Aim of the exercise ▸ Copy the records below exactly, leaving out every picture.
[[ Exercise inputs open ]]
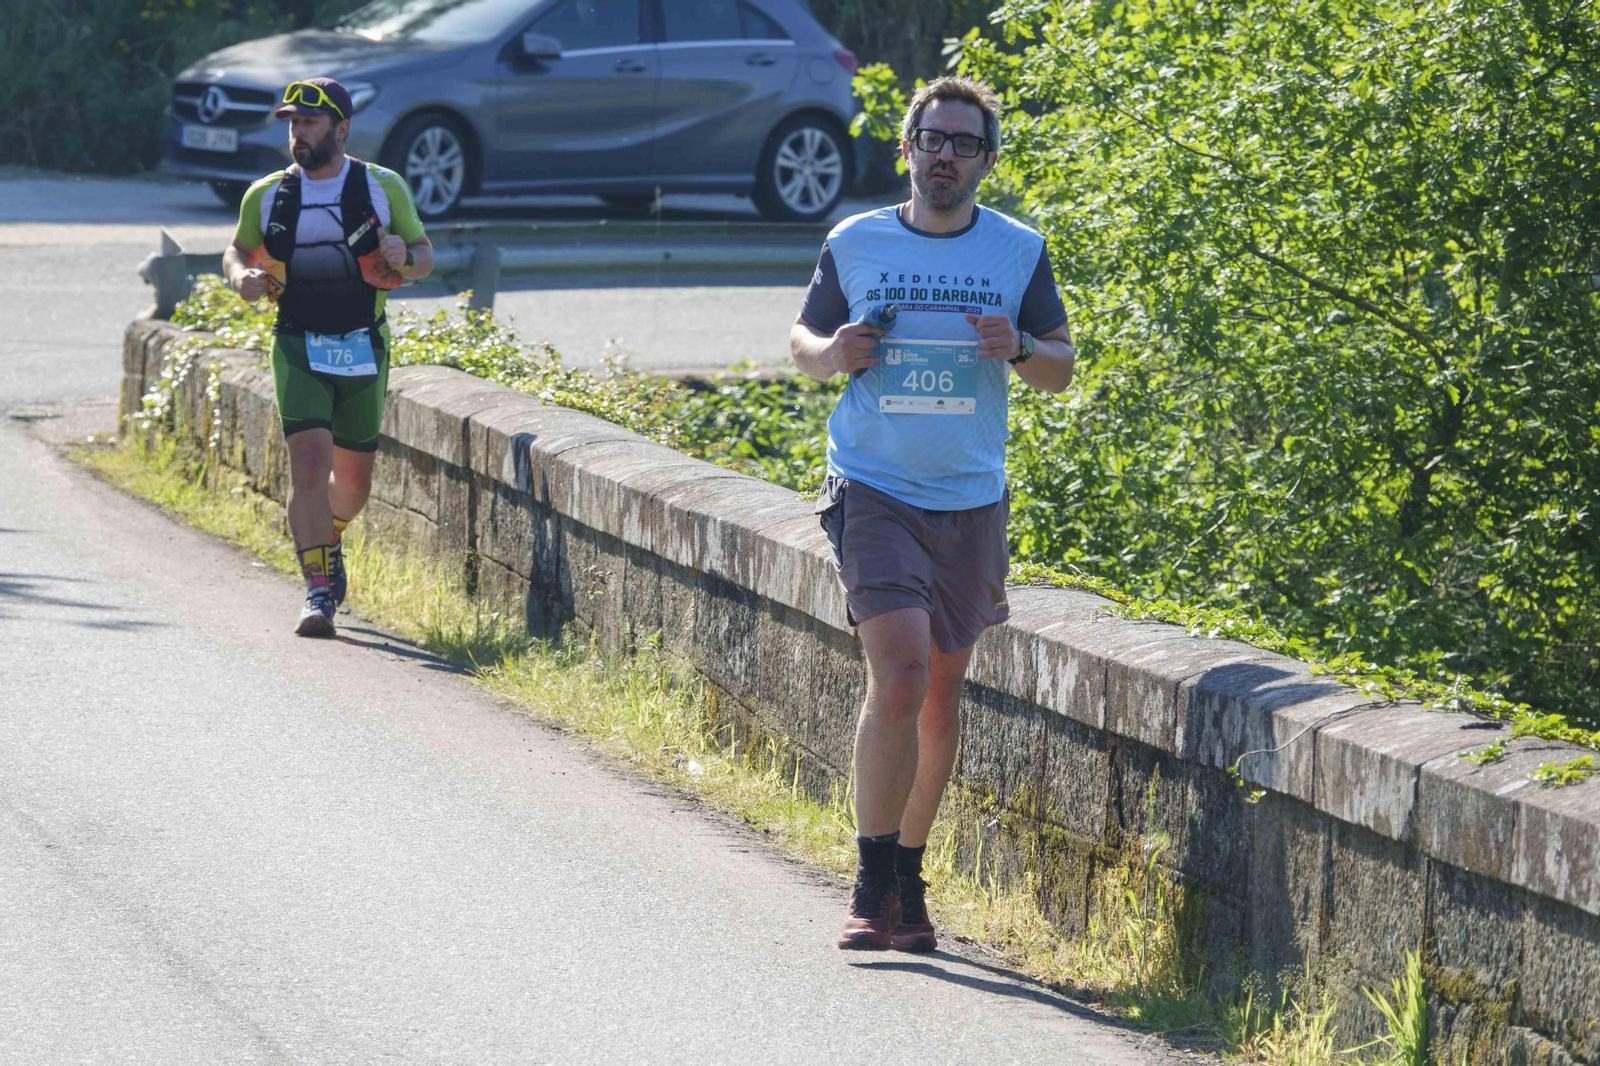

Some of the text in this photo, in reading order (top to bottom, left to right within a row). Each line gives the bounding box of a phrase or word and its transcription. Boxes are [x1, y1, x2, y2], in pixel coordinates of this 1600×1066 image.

[880, 272, 990, 288] X EDICIÓN
[885, 287, 905, 301] 100
[910, 288, 928, 301] DO
[932, 289, 1002, 308] BARBANZA
[924, 304, 961, 312] CARAMINAL
[965, 306, 981, 314] 2025
[326, 348, 353, 365] 176
[958, 354, 969, 363] 26
[902, 370, 954, 393] 406
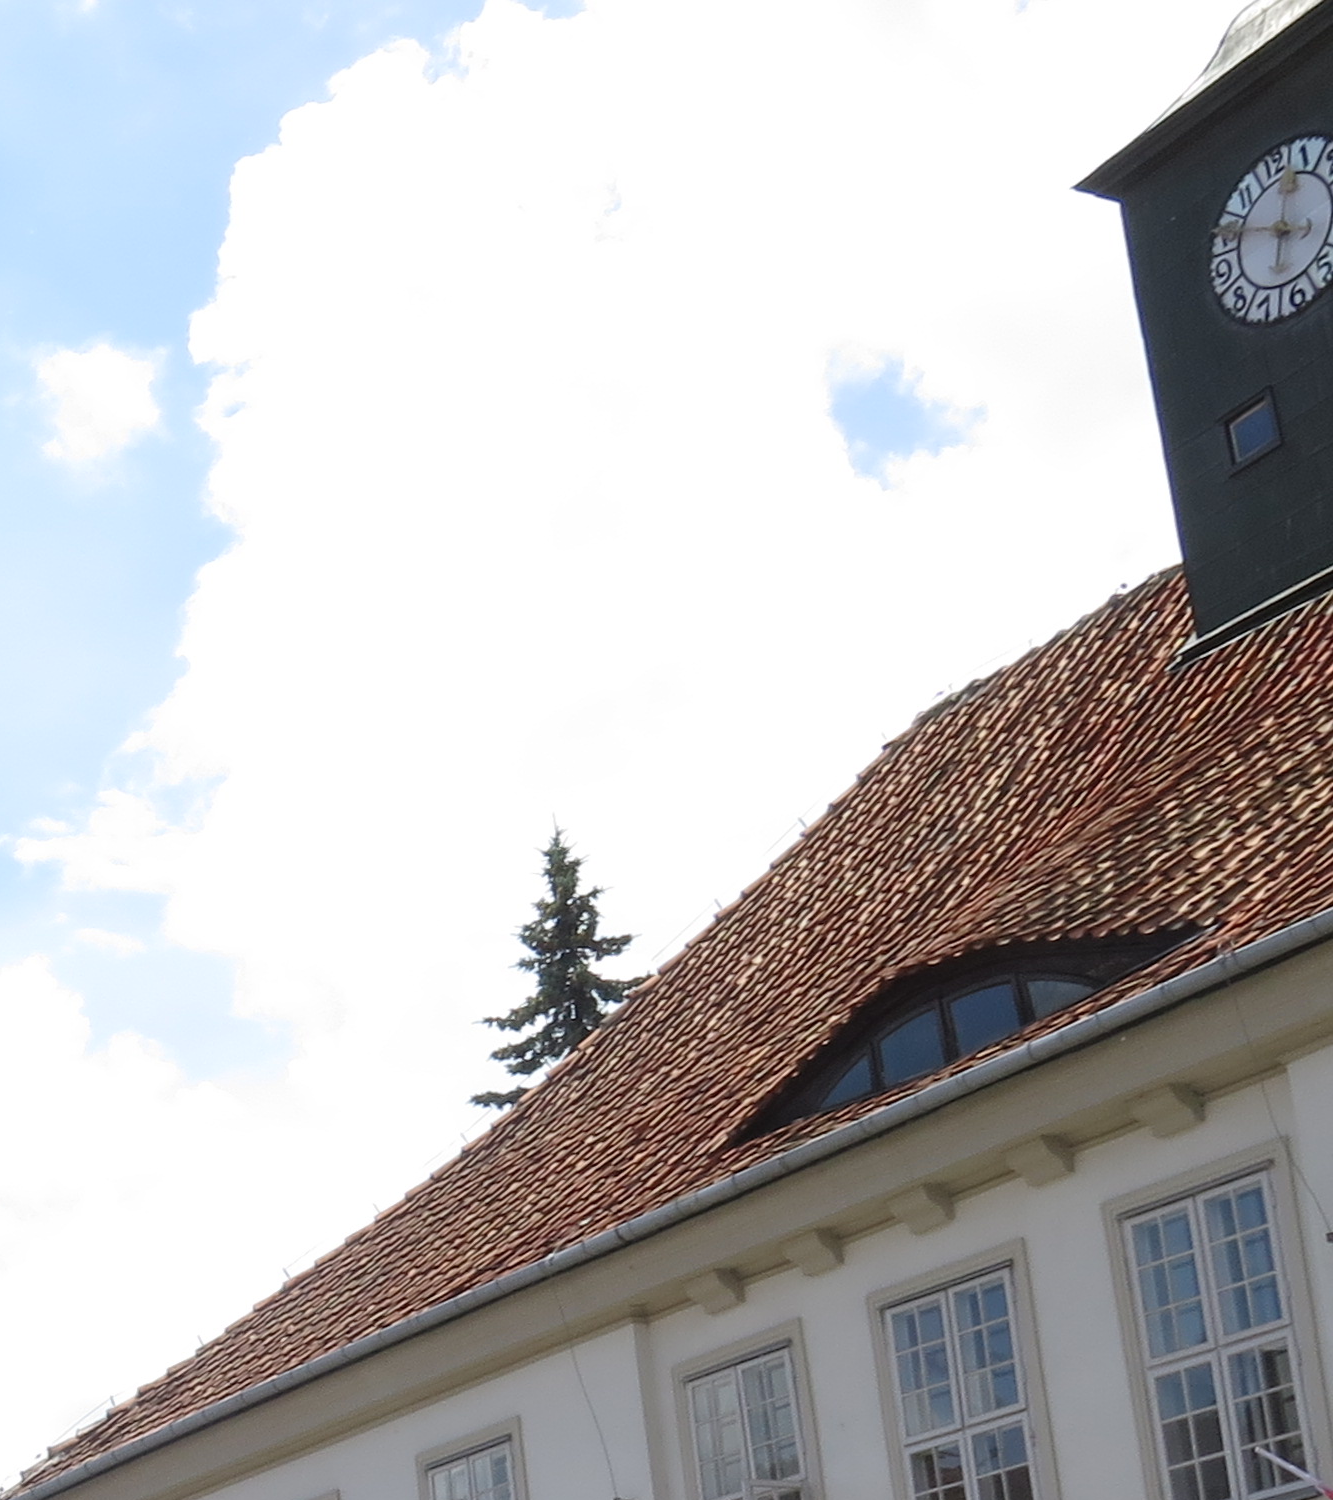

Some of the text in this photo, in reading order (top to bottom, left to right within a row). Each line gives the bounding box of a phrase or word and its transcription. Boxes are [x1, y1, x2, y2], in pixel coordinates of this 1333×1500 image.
[[ Exercise inputs closed ]]
Answer box ▸
Some of the text in this photo, in reading order (top to bottom, left to right within a row). Each line gives the bounding box of a phrase or word and its transcription. Boxes are [x1, y1, x2, y2], in pixel coordinates of this 1600×1066 image.

[880, 272, 990, 288] X EDICIÓN
[885, 287, 905, 301] 100
[910, 288, 928, 301] DO
[932, 289, 1002, 308] BARBANZA
[924, 304, 961, 312] CARAMINAL
[965, 306, 981, 314] 2025
[326, 348, 353, 365] 176
[958, 354, 969, 363] 26
[902, 370, 954, 393] 406

Some of the text in this photo, in reading order (top to bottom, left to right within a row). Each line gives the bounding box of a phrase or word and its transcription. Boxes are [x1, y1, x2, y2], in pixel coordinates of this 1333×1500 image.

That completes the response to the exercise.